Jewish learning “In the Beginning”: Art Exhibit Features Works by Mel Brown
“All of the paintings in the current exhibition are titled B’reishis. This is the thread running throughout all these paintings. Using an abstract visual language, I have found myself exploring some very fundamental ideas that hints at what perhaps was happening ‘In the Beginning,’ when somehow the ‘world’ came into being, when form came out of ‘chaos,’ when ‘thingness; came out of ‘no-thingness,’” said Mel Brown, a self-taught painter and occasional mystic. (Pictured above: B’reishis 37 12 x 16, Acrylic on Canvas)
Beginning September 10th, Hebrew College will be showing a collection of Brown’s acrylic and ink on canvas paintings in an exhibit called “In the Beginning” in the Atkins Atrium. “In many of my paintings in this exhibition, I am also exploring the idea that the world was somehow formed with letters and language, specifically with the Hebrew letters, as suggested in the early mystical Jewish text Sefer Yetzirah, that these forms and shapes are perhaps what brought the world into being,” added Brown, who has been connected with Hebrew College since the early 2000s when his mentor Rabbi Zalman Schacter Shalomi recommended he study with Hebrew College’s Rabbi Nehemia Polen.

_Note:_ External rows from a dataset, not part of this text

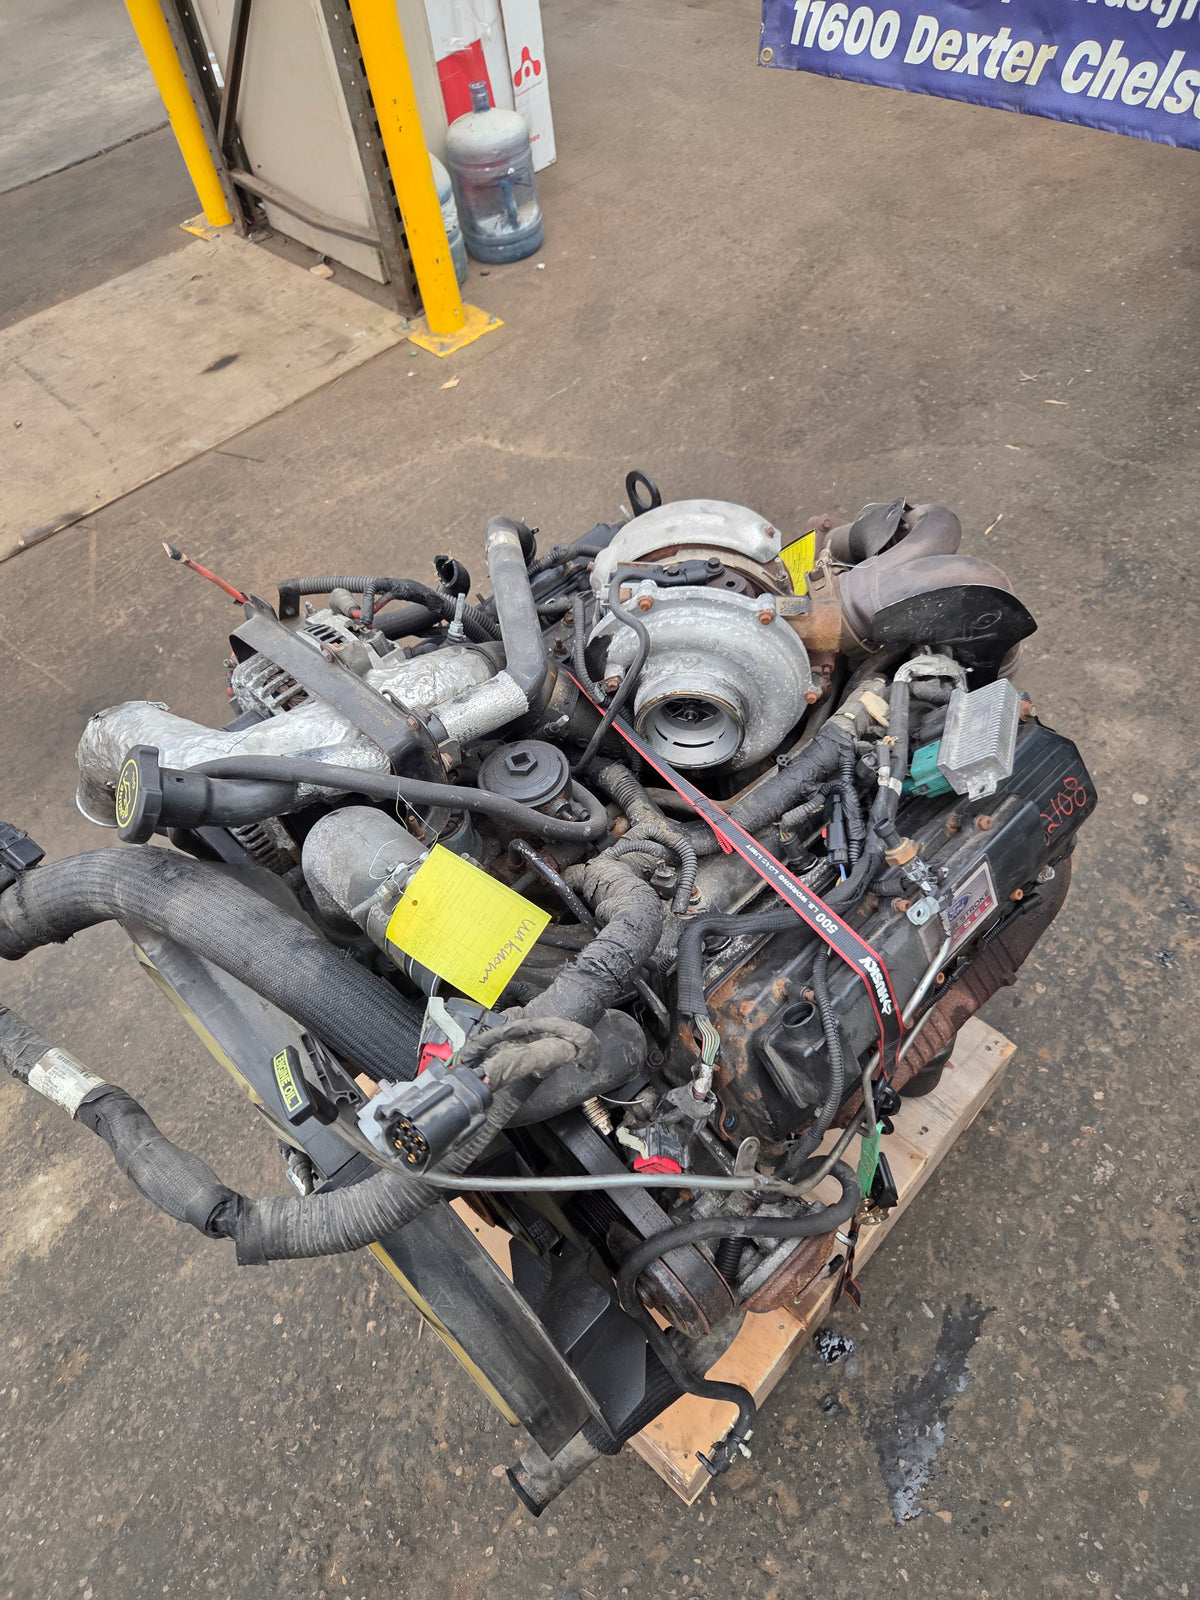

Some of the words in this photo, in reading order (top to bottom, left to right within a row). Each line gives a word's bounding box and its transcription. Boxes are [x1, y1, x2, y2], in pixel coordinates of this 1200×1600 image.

[790, 0, 901, 60] 11600
[903, 15, 1058, 86] Dexter
[1060, 39, 1200, 120] Chels
[745, 844, 764, 860] LIMIT
[778, 874, 808, 903] WORKING
[807, 901, 820, 913] LB.
[815, 912, 839, 935] 500
[858, 956, 890, 1004] HUSKY
[275, 1054, 292, 1087] ENGINE
[284, 1085, 297, 1105] OIL

The exhibit runs from September 10 – December 14, 2023 and is organized by the Hebrew College Arts Initiative. The exhibit opens with an event on September 10th from 5-7 p.m. celebrating the launch of Hebrew College’s first art exhibit of the new academic year.
“For me, there are many layers to his art—the ink, paper, primary colors, calligraphy, and stark images are integrated like a romance with a spontaneity of first impression—a huge evolving spiraling of energy,” said Deborah Feinstein, founding chair of the Hebrew College Arts Initiative. “And then, there is a stop: time stands still as one is drawn into a meditation—a practice in many ways of living—zen, mussar, Jewish mysticism.” (Above: B’reishis 74, 20 x 16, Acrylic & Ink on Canvas)

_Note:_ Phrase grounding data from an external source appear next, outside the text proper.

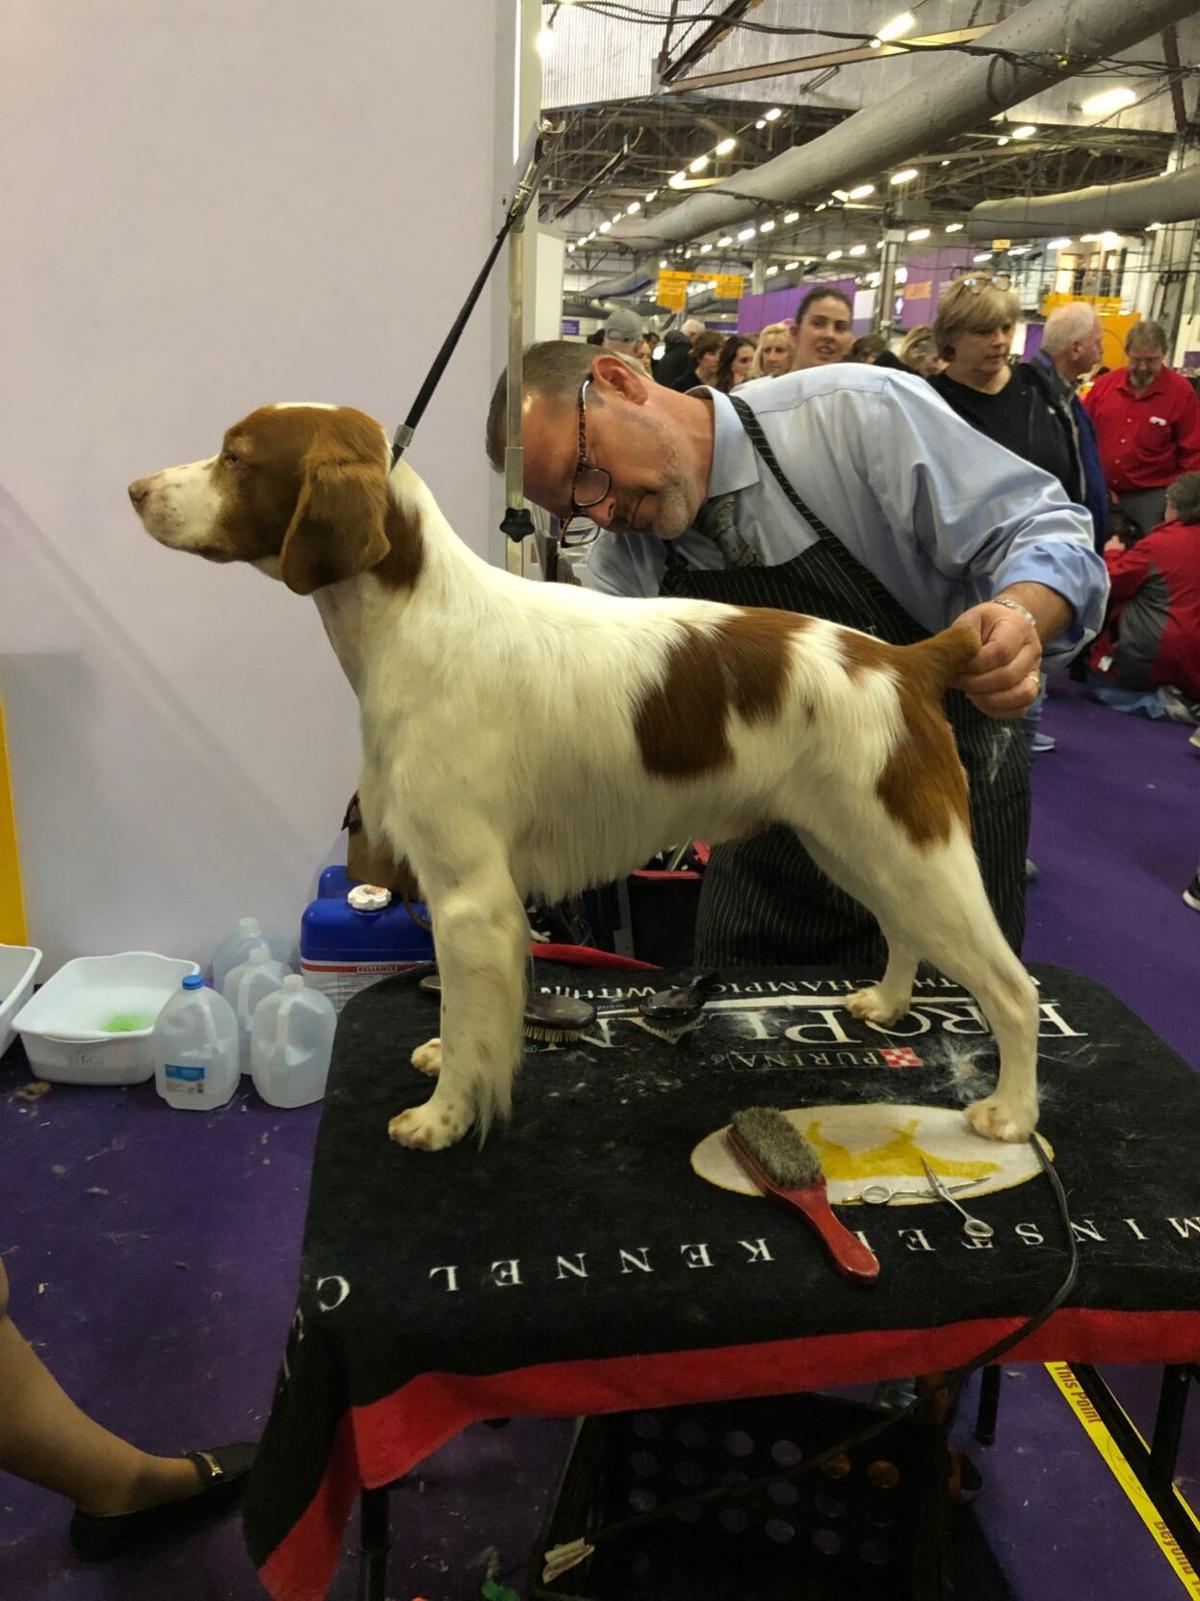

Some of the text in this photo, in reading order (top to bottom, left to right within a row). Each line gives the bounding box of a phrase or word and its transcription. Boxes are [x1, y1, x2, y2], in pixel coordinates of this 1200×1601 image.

[672, 979, 881, 995] HAMPIO
[914, 977, 959, 988] TH
[737, 1051, 878, 1067] PURINA
[430, 1238, 777, 1292] KENNEL
[1054, 1364, 1101, 1423] This Point

Brown’s art is directly informed by his own relationship with Torah. “Through painting, starting with a process of meditation and listening, I often embark on a visual conversation with the ideas of the Torah text, exploring such things as beginnings and the idea that the world as we know it was shaped by language,” he said. “My work is also often informed by the fact that the Hebrew language seemingly came into being at the time of the transition from pictographic to phonetic writing and therefore Hebrew letters most likely hold essential visual, symbolic meanings as well as phonetic meaning.”
The opening event includes a talk by Brown and light refreshments will be served. The event is free but registration is required. Brown’s original artwork and limited edition prints are available for purchase. Half of the proceeds will go to Hebrew College.
B’reishis 95, 16 x 20 | Acrylic & Ink on Canvas
Mel is engaged in creating non-representational art that is unique and evocative, drawing on his own wide-ranging experiences, his sense of mystery, and his ongoing engagement with ancient Jewish texts. His work often visually hints at the ongoing and ever-changing mystery of creation. In its beauty, his art inspires the viewer to wonder. “I hope that viewers at the very least might see a certain simple beauty in my art that hints at the mystery of the world as well as the mystery within each of us, yielding perhaps a fleeting moment of awe or wonder,” added Brown.
“It has been an honor to work with Mel for this exhibit. As a museum curator for over 25 years and a lifetime learner here at Hebrew College, I feel that Mel’s art has created a space for me and all viewers to become part of his expressions,” said Feinstein.
Mel Brown is a self-taught painter, entrepreneur, and an occasional mystic descended from a family of Eastern European rabbis that originally came from Spain. He grew up in a working-class steel town in Northwest Indiana. For many years he has also been a dedicated student and teacher of Jewish mystical texts. In addition to leading intimate study groups in a line-by-line parsing of the Torah, he also co-leads a post-denominational Jewish spiritual community in the Boston area.